Interview de Joseph Kfoury en Design transport

Classé dans : Non classé — Catalarem @ 20 h 22 min

Joseph Kfoury en Master en Design Transport en partenariat avec la marque Lamborghini.

Que fais tu actuellement ?

Je m’appelle Joseph Kfoury, et je me trouves à Milan en ce moment, dans un école de design appelée SPD (Scuola Politecnica di Design)
Je fais un Master en Design Transport en partenariat avec la marque Lamborghini.

Comment t’es tu retrouvé chez Lamborgini ?

Après avoir eu mon bac Scientifique au Liban, je me suis tourné vers Paris pour étudier le Design Transport (auto, moto, bateau).

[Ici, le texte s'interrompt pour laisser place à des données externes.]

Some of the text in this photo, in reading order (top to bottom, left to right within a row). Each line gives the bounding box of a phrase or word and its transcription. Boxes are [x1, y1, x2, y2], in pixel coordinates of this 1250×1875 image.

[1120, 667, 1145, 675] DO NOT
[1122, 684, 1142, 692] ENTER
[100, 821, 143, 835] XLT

J’ai passé les exams aux 2 écoles de Paris qui enseignent cette spécialité (Créapole- ESDI, et Strate College), j’ai été accepté aux 2, et j’ai fini par choisir Creapole en fin de compte pour son immense carnet d’adresses notamment à l’étranger, et faut avouer que son emplacement en plein milieu de Rivoli a son charme   :)

J’ai eu mon master (M2) au bout de la 5ème année, en mai 2008,  me suis pris un peu de vacances puis commencé à refaire mon portfolio afin de pouvoir l’envoyer aux compagnies et avoir du boulot.
En faisant cela, je tombe sur internet sur l’annonce de l’inauguration du master chez SPD en collaboration avec Lamborghini, et que des bourses seraient offertes.
Je les contacte par simple curiosité tout d’abord, j’envoies un bref aperçu de mon portfolio en ligne, et un mois plus tard on me recontacte pour me dire que j’avais gagné une des 4 bourses offertes par Lamborghini.

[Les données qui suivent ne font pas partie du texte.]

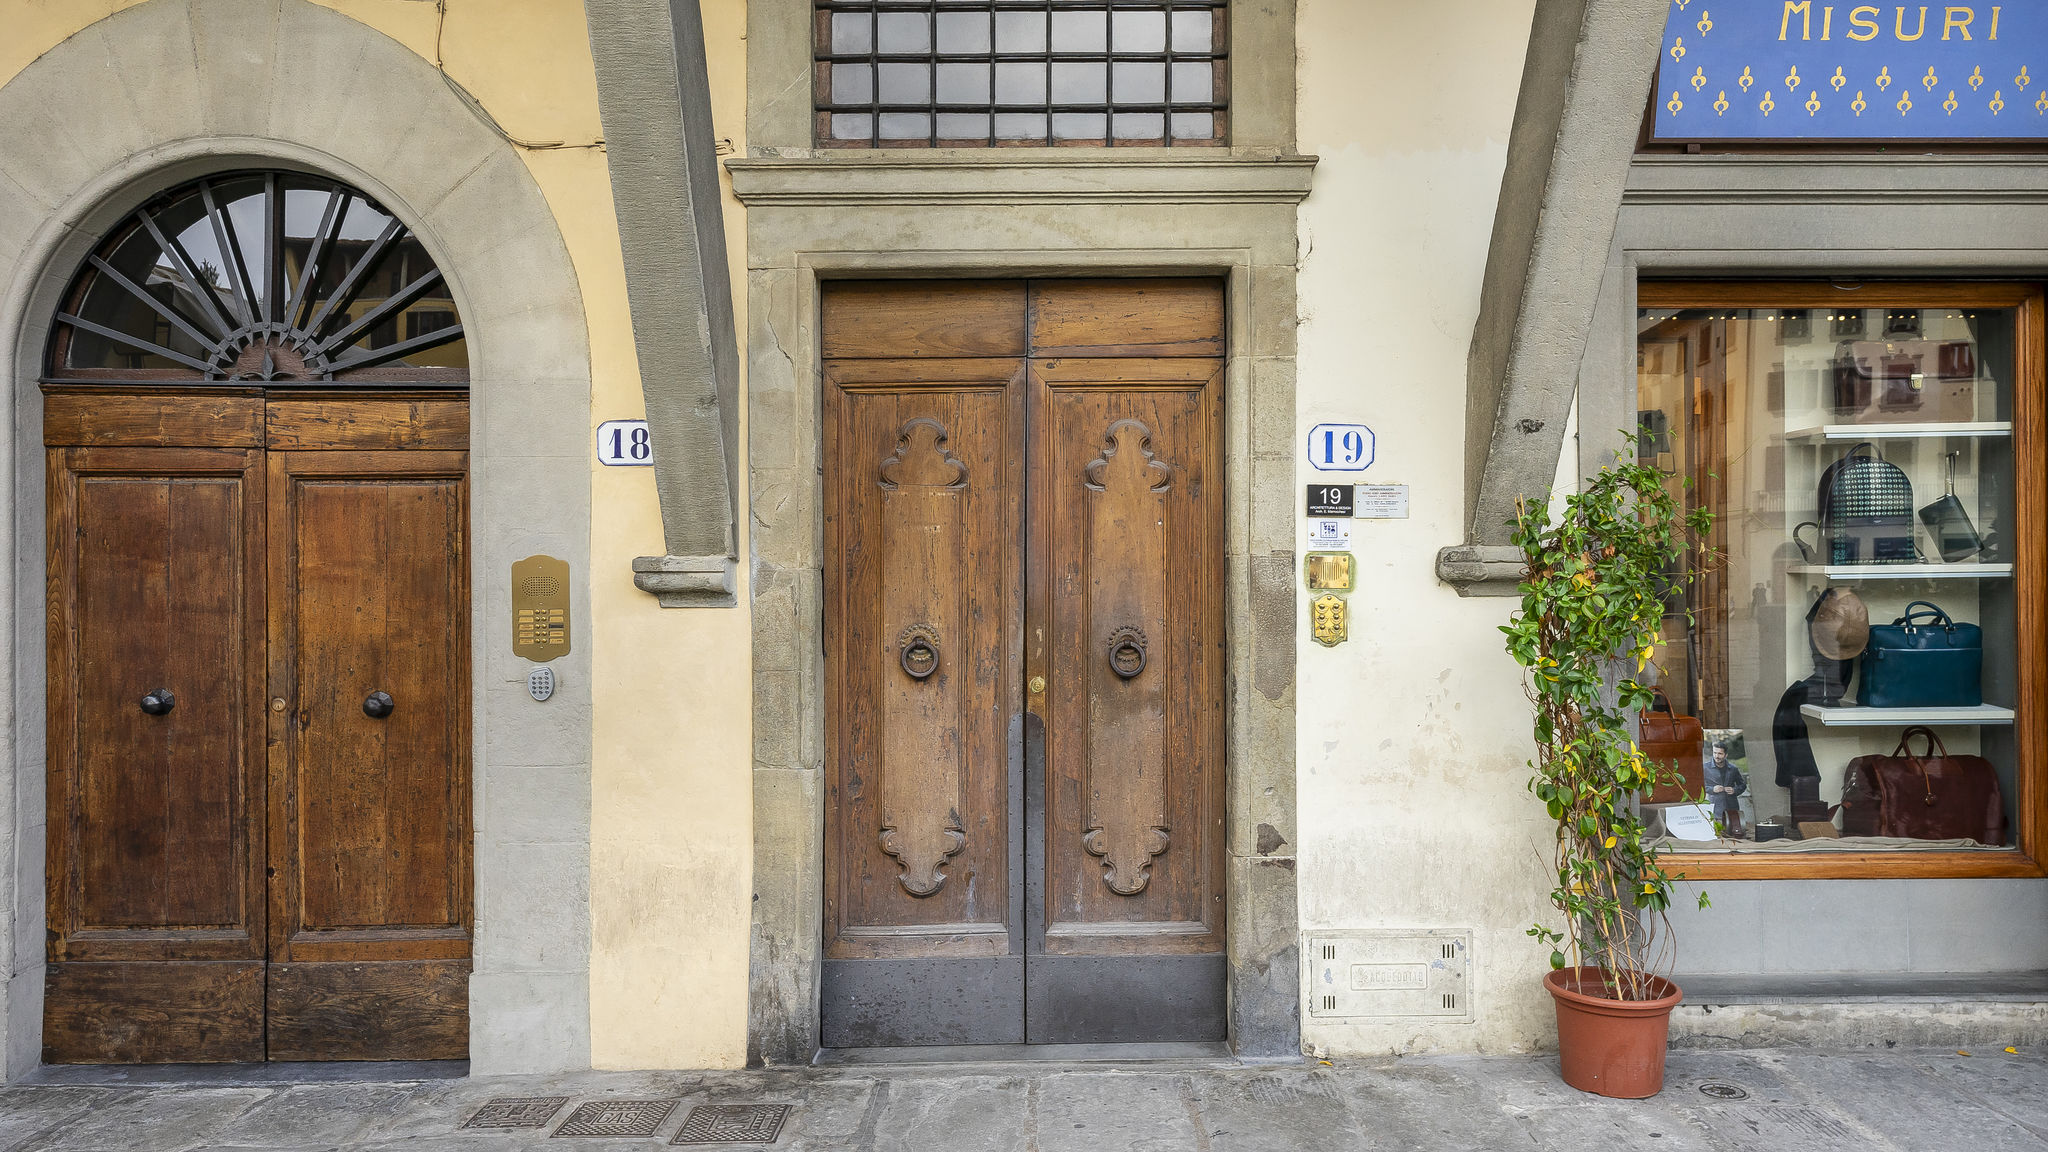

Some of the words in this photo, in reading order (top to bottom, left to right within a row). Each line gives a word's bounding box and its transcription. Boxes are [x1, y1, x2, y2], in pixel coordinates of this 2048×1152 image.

[1778, 1, 2001, 41] MISURI
[609, 428, 650, 460] 18
[1322, 430, 1363, 464] 19
[1320, 487, 1341, 504] 19
[596, 1111, 638, 1124] GAS

J’ai accepté avec un peu d’hésitation au début, après tout je voulais quand même commencer a gagner mon pain, non pas me retrouver avec une 6ème année d’études, mais en voyant l’état du secteur automobile en ce moment avec la crise, je me rends compte que j’ai très certainement fais le bon choix, sinon ça aurait été chômage garanti, ou bien free-lance en design produit au mieux.

Ici je m’améliore au niveau technique, j’obtiens un double master, une autre langue sur le CV, plus de contacts, etc…

Joseph Kfoury

GM (General Motors) Eccho Véhicule écologique dont l’ouverture des portes s’inspire des ailes d’un scarabé

Que pensais-tu de ton école ?

Première année préparatoire, histoire d’orienter les étudiants (bien que peu nécessaire pour moi et les gens de ma section en général, le choix est souvent fait bien avant, c’est un métier de passionnés d’automobile surtout), suivie de 4 années de spécialisation, un premier diplôme en 3eme année, mais s’arrêter là serait ridicule, il faut aller jusqu’au master de 5eme année.

Au tout début les mauvaises rumeurs qui circulaient a propos de Créapole et le fait que ce ne soit pas reconnu par l’État, juste par les compagnies, nous faisaient peur…
J’ai souvent remis en question mes choix, mais en fin de compte, et avec le recul, j’ai été plutôt pas mal formé a Creapole, à savoir qu’on nous y apprend à PENSER, que ce soit au niveau marketing ou nouvelles technologies et matériaux, et à  mettre de la philosophie derrière le Design et non seulement dessiner de belles lignes, et pour preuve, je me débrouille plutôt très bien ici, alors que j’ai en face de moi des gens de partout dans le monde (16 nationalités dans ma classe, sur un total de 24 élèves), qui justement, agissent pour la plupart en tant que simples dessinateurs ou stylistes, au lieu d’être des concepteurs, comme on m’a appris à faire à Paris
(Ehhh oui, ceci est un compliment direct à la France entière d’ailleurs, les français, vous savez penser !!!  Les ritals, ça focalise un peu trop sur le simple superficiel “sensuel” :D )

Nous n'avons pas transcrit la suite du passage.